- [PROBLEM STATEMENT]:
Leave out the pictures, and copy exactly the lines from the line with "this 1600×1200 image." through the last line of the data below.

(Stored data entries)
BEGIN

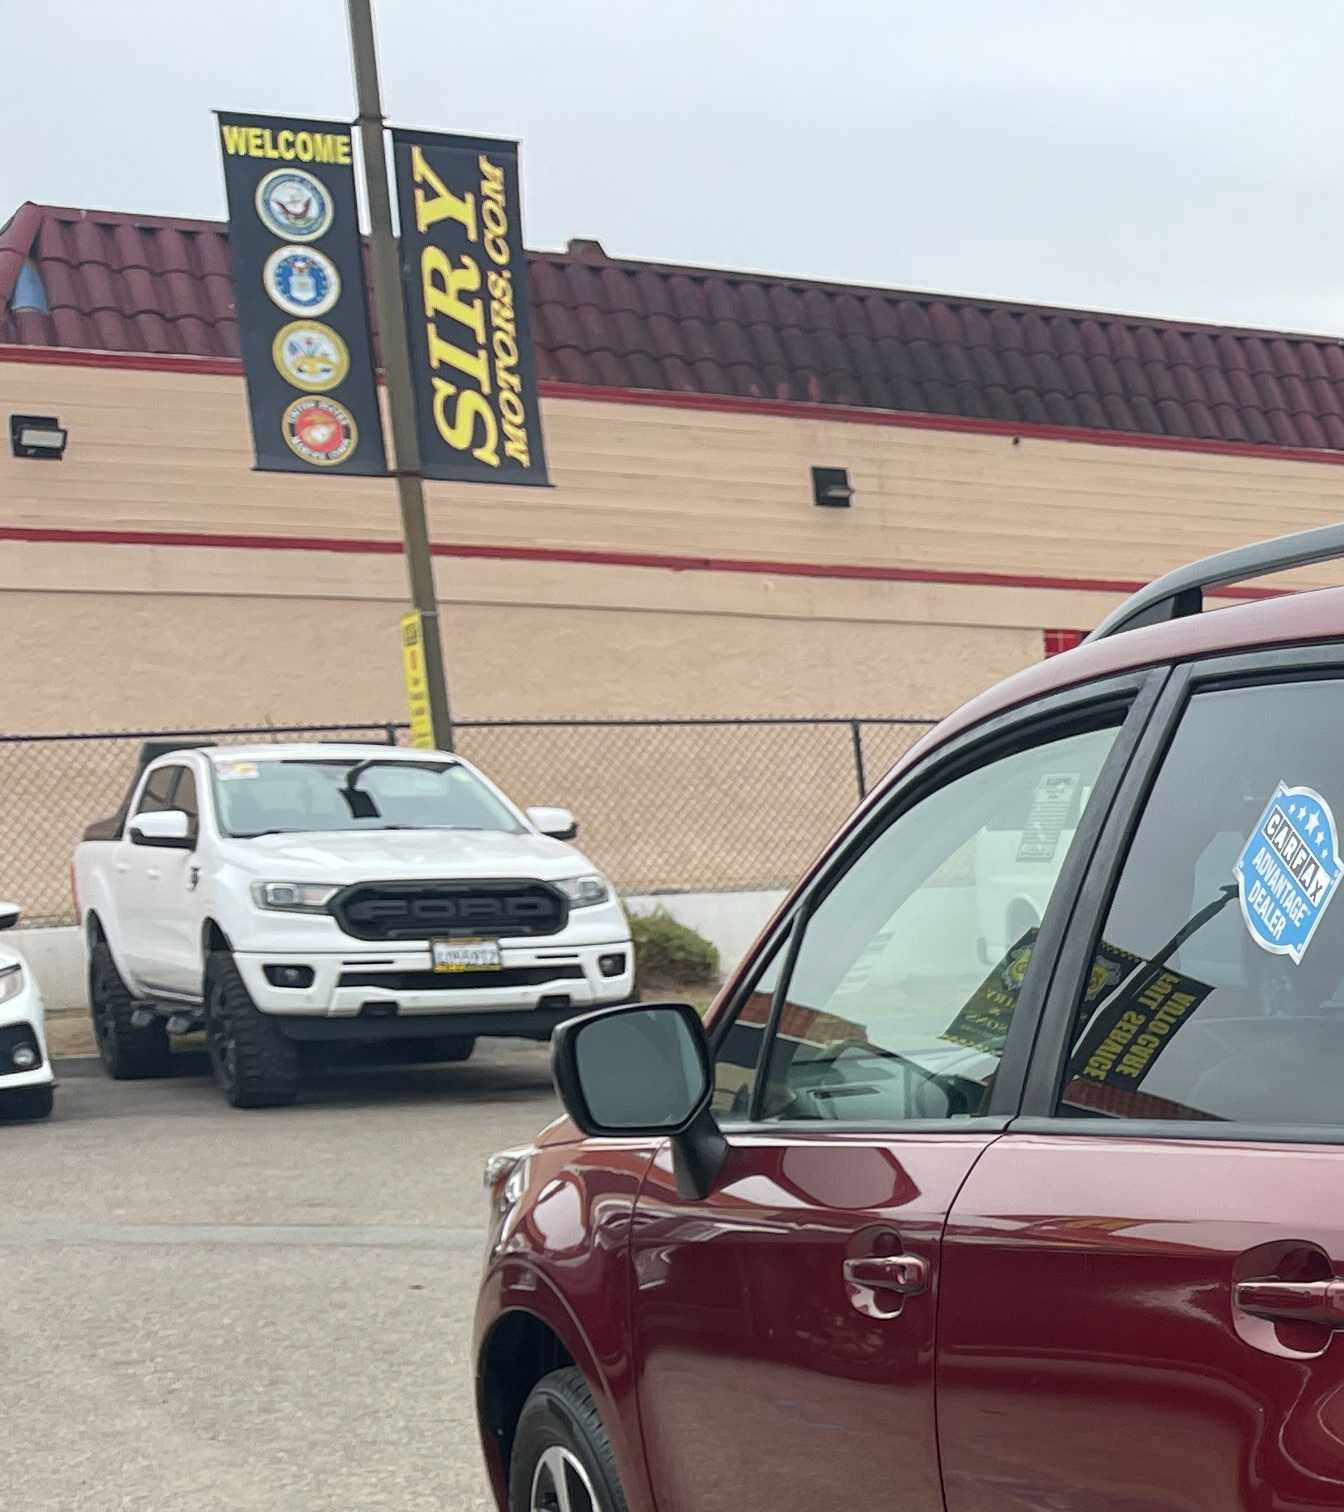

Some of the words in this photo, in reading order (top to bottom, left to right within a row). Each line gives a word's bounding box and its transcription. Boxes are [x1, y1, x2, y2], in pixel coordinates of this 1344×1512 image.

[222, 126, 352, 165] WELCOME
[411, 145, 500, 468] SIRY
[479, 155, 530, 469] MOTORS.COM
[1252, 847, 1309, 928] ADVANTAGE
[1266, 814, 1324, 904] CARFAX
[1248, 880, 1287, 941] DEALER
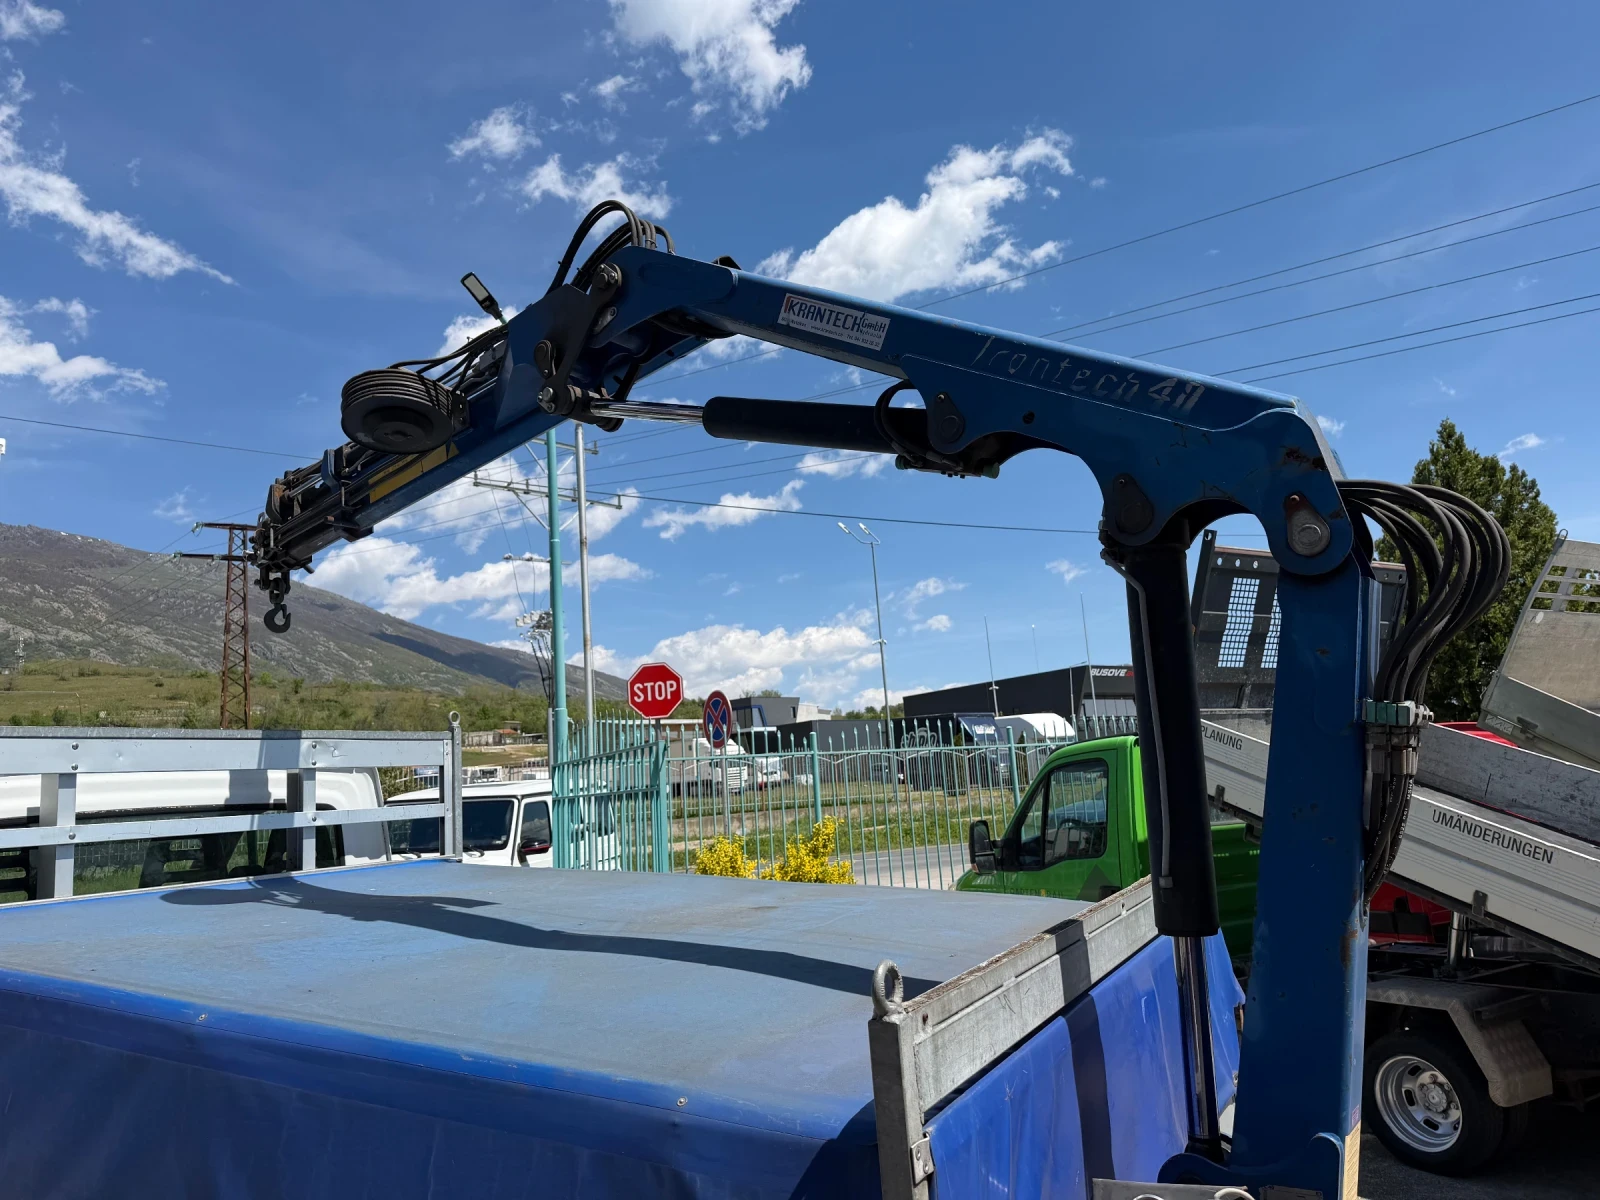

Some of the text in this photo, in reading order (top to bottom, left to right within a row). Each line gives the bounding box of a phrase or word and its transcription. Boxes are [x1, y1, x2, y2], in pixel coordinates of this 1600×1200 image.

[788, 299, 863, 333] KRANTECH
[861, 318, 887, 333] GmbH
[633, 680, 677, 702] STOP
[1432, 809, 1553, 864] UMÄNDERUNGEN
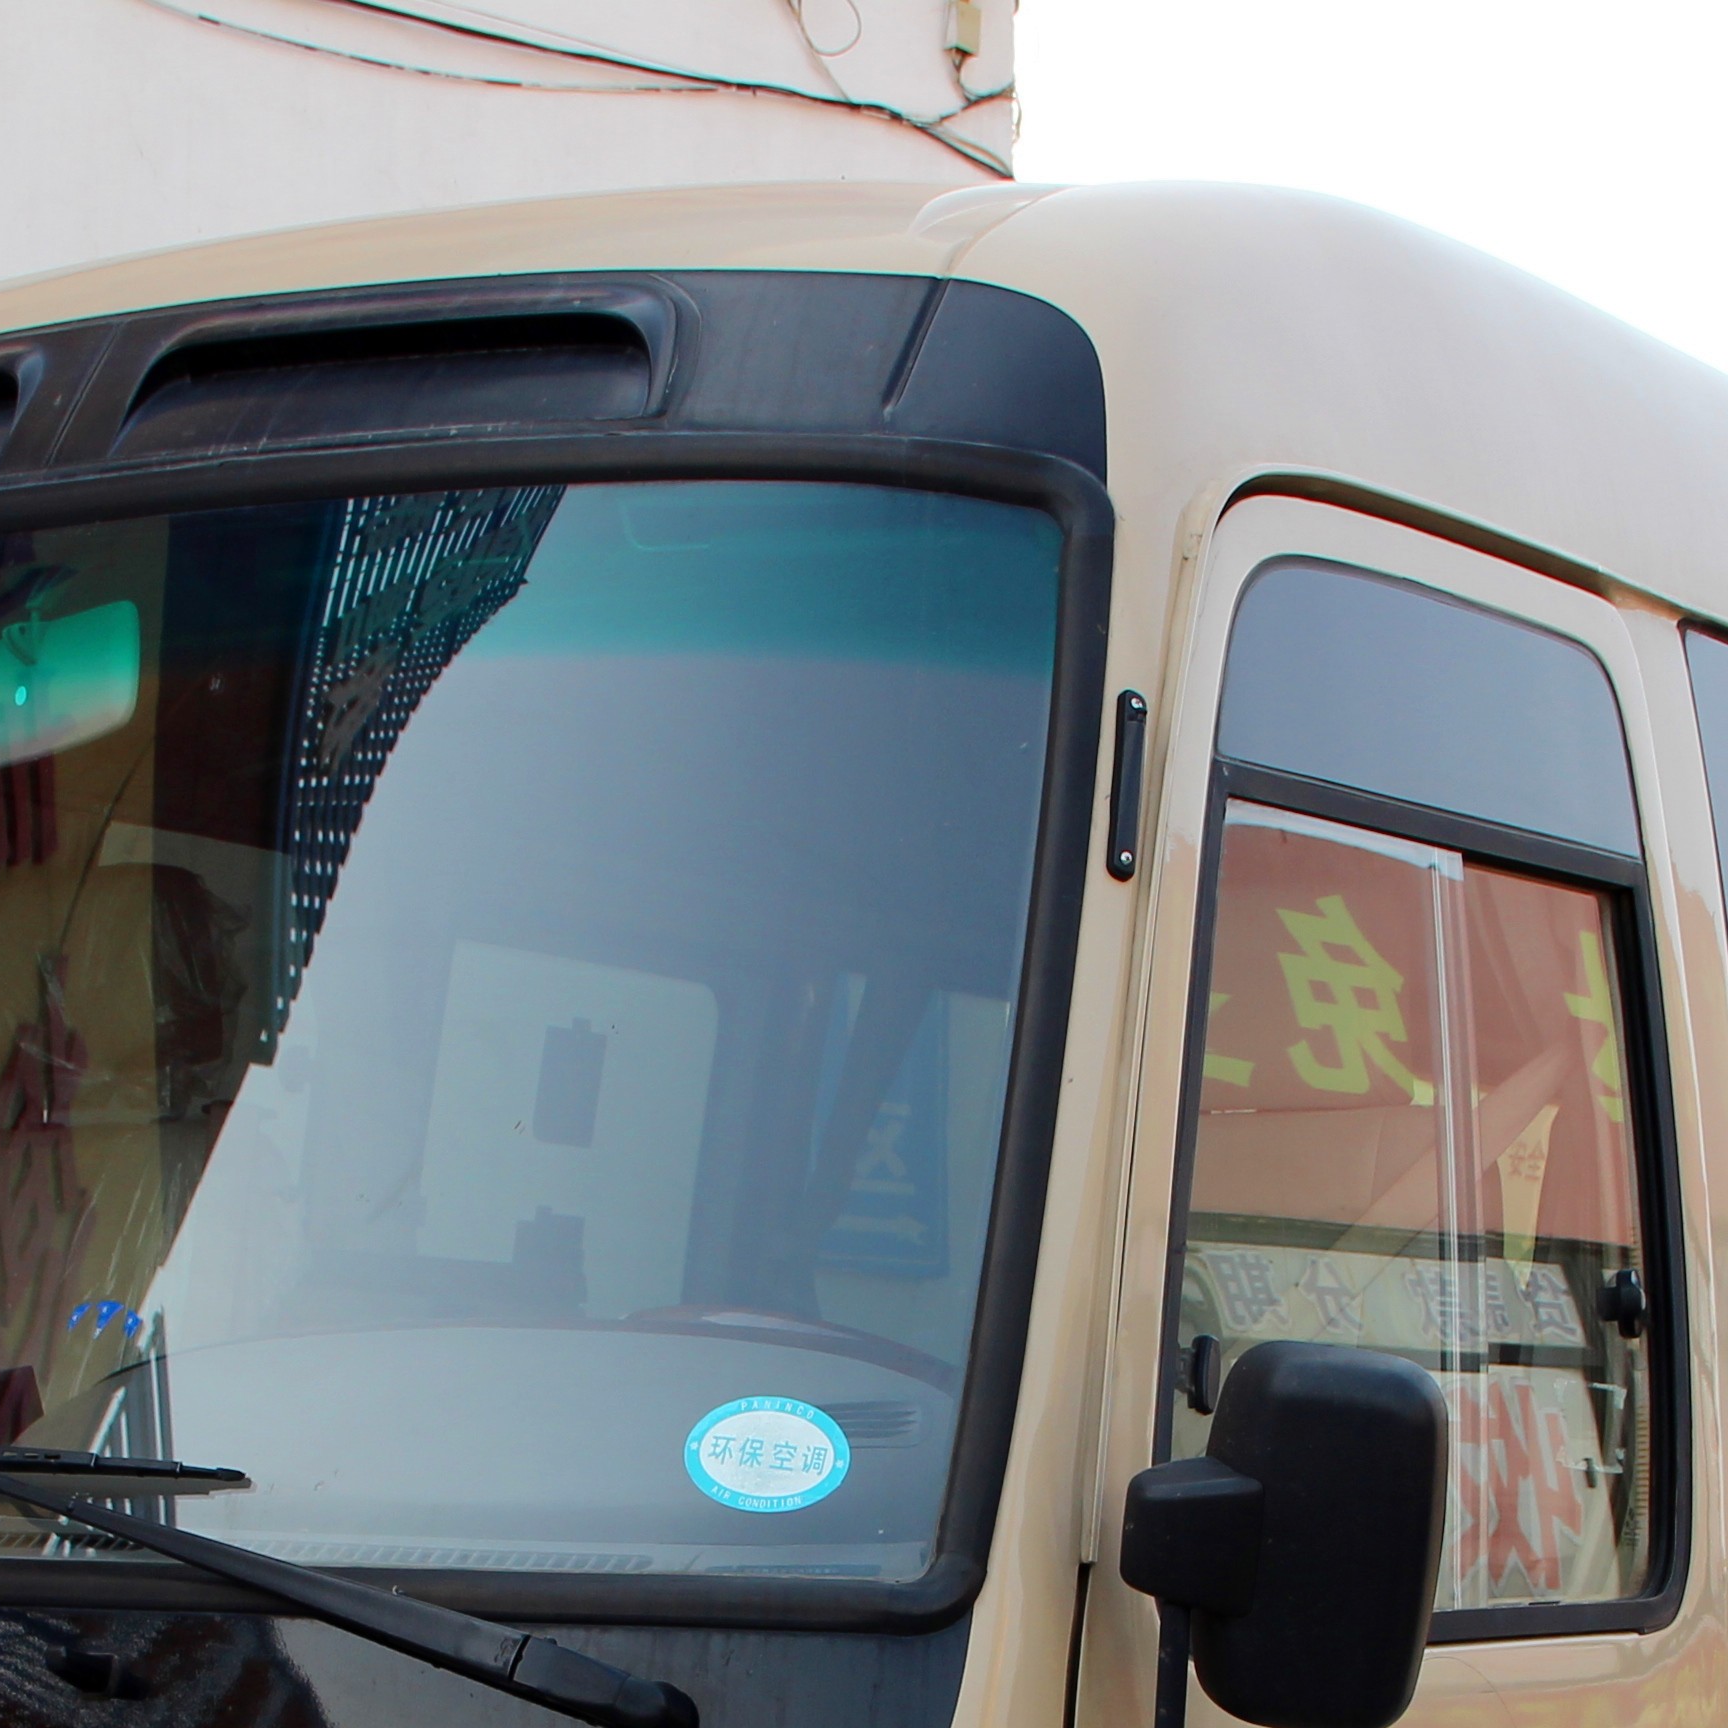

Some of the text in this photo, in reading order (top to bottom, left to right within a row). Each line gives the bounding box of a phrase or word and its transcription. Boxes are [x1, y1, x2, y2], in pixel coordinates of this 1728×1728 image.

[708, 1434, 829, 1476] 环保空调
[710, 1486, 803, 1508] AIR CONDITION

END

- [REPLY]:
Some of the text in this photo, in reading order (top to bottom, left to right within a row). Each line gives the bounding box of a phrase or word and its transcription. Boxes are [x1, y1, x2, y2], in pixel coordinates of this 1600×1200 image.

[788, 299, 863, 333] KRANTECH
[861, 318, 887, 333] GmbH
[633, 680, 677, 702] STOP
[1432, 809, 1553, 864] UMÄNDERUNGEN

Some of the text in this photo, in reading order (top to bottom, left to right within a row). Each line gives the bounding box of a phrase or word and its transcription. Boxes are [x1, y1, x2, y2], in pixel coordinates of this 1728×1728 image.

[708, 1434, 829, 1476] 环保空调
[710, 1486, 803, 1508] AIR CONDITION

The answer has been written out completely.